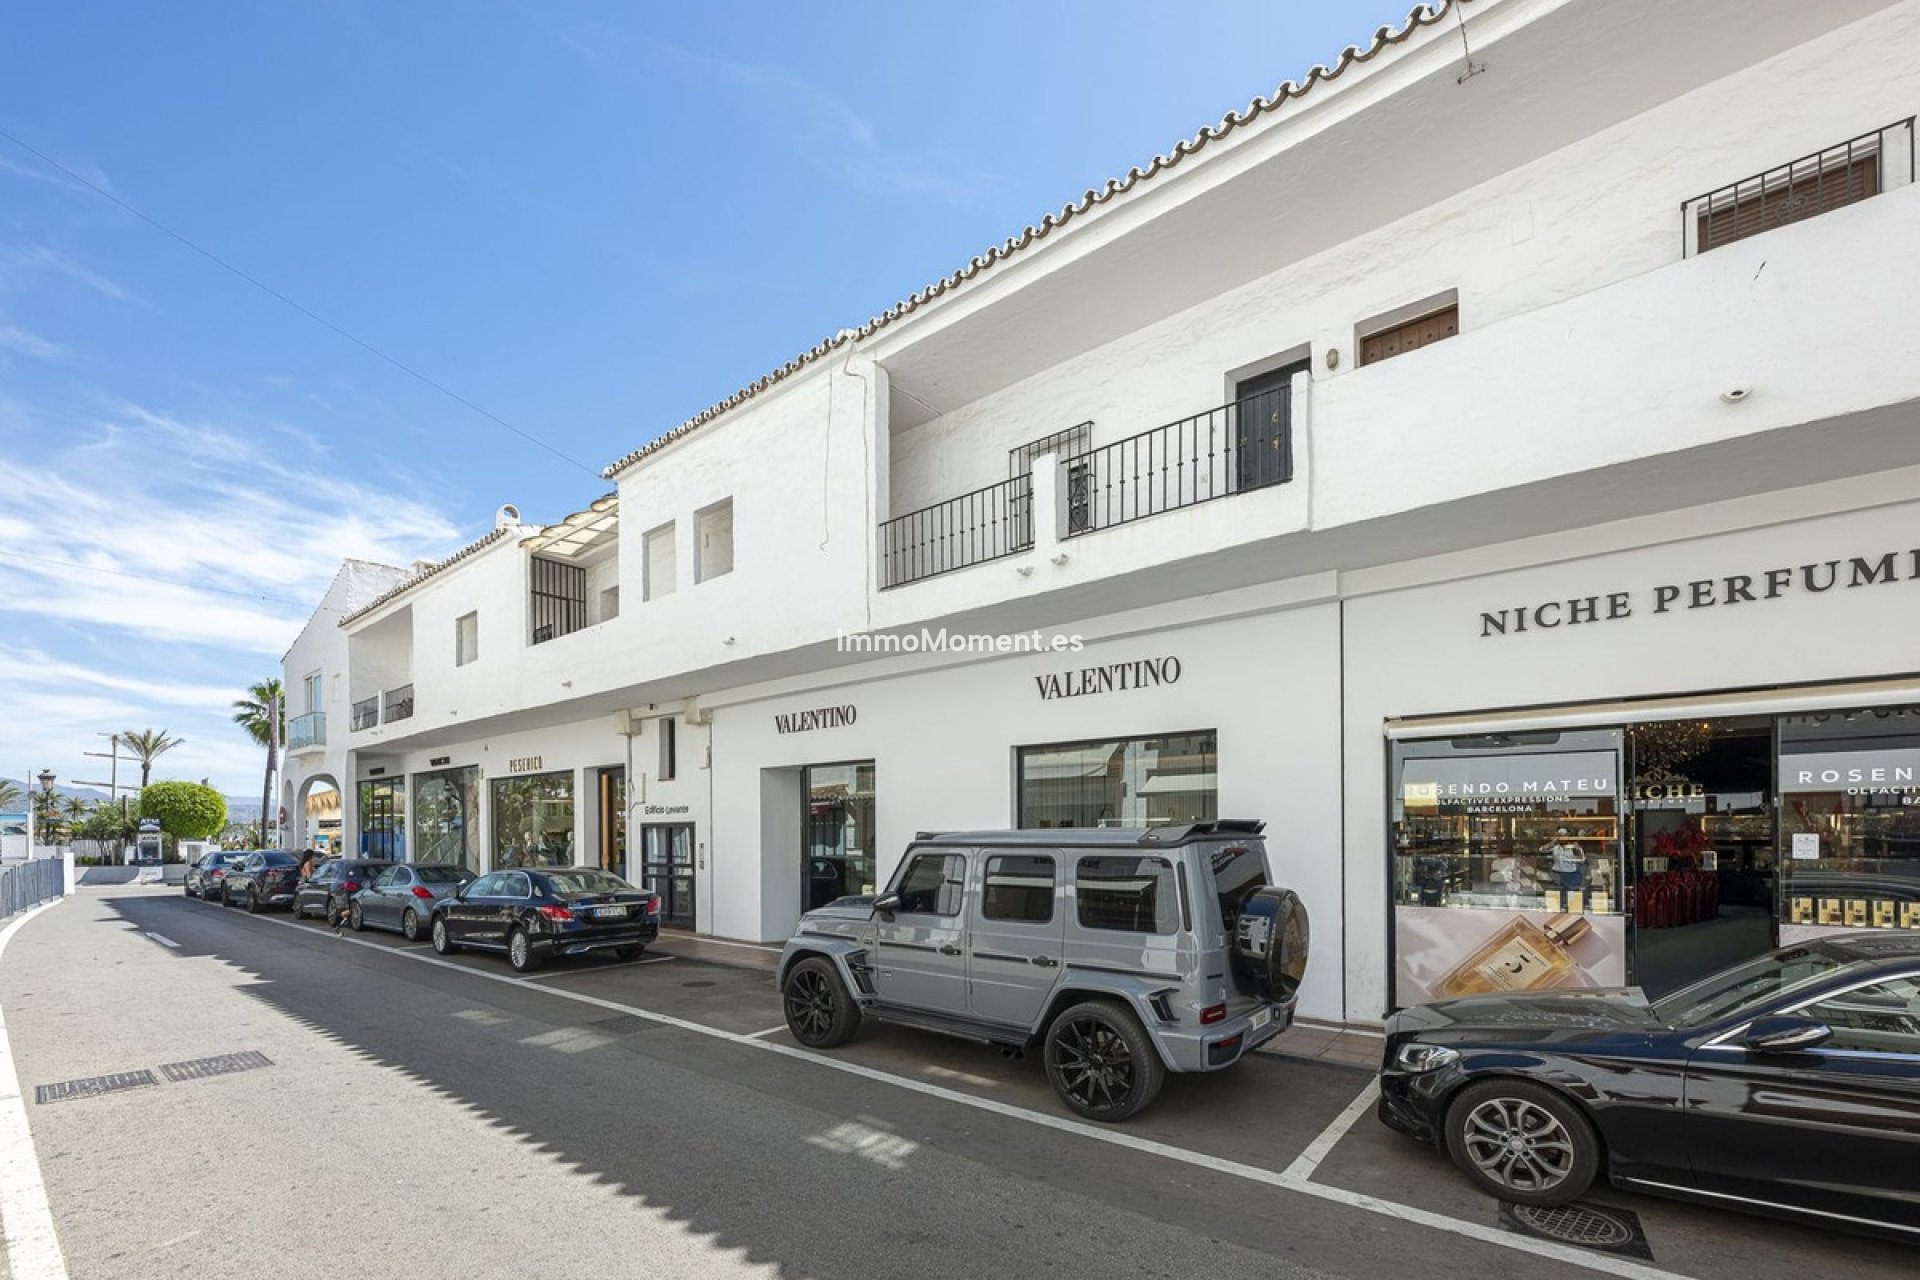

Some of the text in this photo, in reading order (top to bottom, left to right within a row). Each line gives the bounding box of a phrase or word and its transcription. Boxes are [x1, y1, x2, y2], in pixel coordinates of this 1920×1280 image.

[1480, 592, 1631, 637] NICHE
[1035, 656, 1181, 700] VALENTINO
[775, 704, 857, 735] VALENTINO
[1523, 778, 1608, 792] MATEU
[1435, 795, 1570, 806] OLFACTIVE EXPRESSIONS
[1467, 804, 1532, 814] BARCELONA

════════════════

• [Task instructions]
Pictures are to be left out; the rest of the listing should be printed exactly.

• [Reply to the exercise]
Some of the text in this photo, in reading order (top to bottom, left to right within a row). Each line gives the bounding box of a phrase or word and its transcription. Boxes are [x1, y1, x2, y2], in pixel coordinates of this 1920×1280 image.

[1480, 592, 1631, 637] NICHE
[1035, 656, 1181, 700] VALENTINO
[775, 704, 857, 735] VALENTINO
[1523, 778, 1608, 792] MATEU
[1435, 795, 1570, 806] OLFACTIVE EXPRESSIONS
[1467, 804, 1532, 814] BARCELONA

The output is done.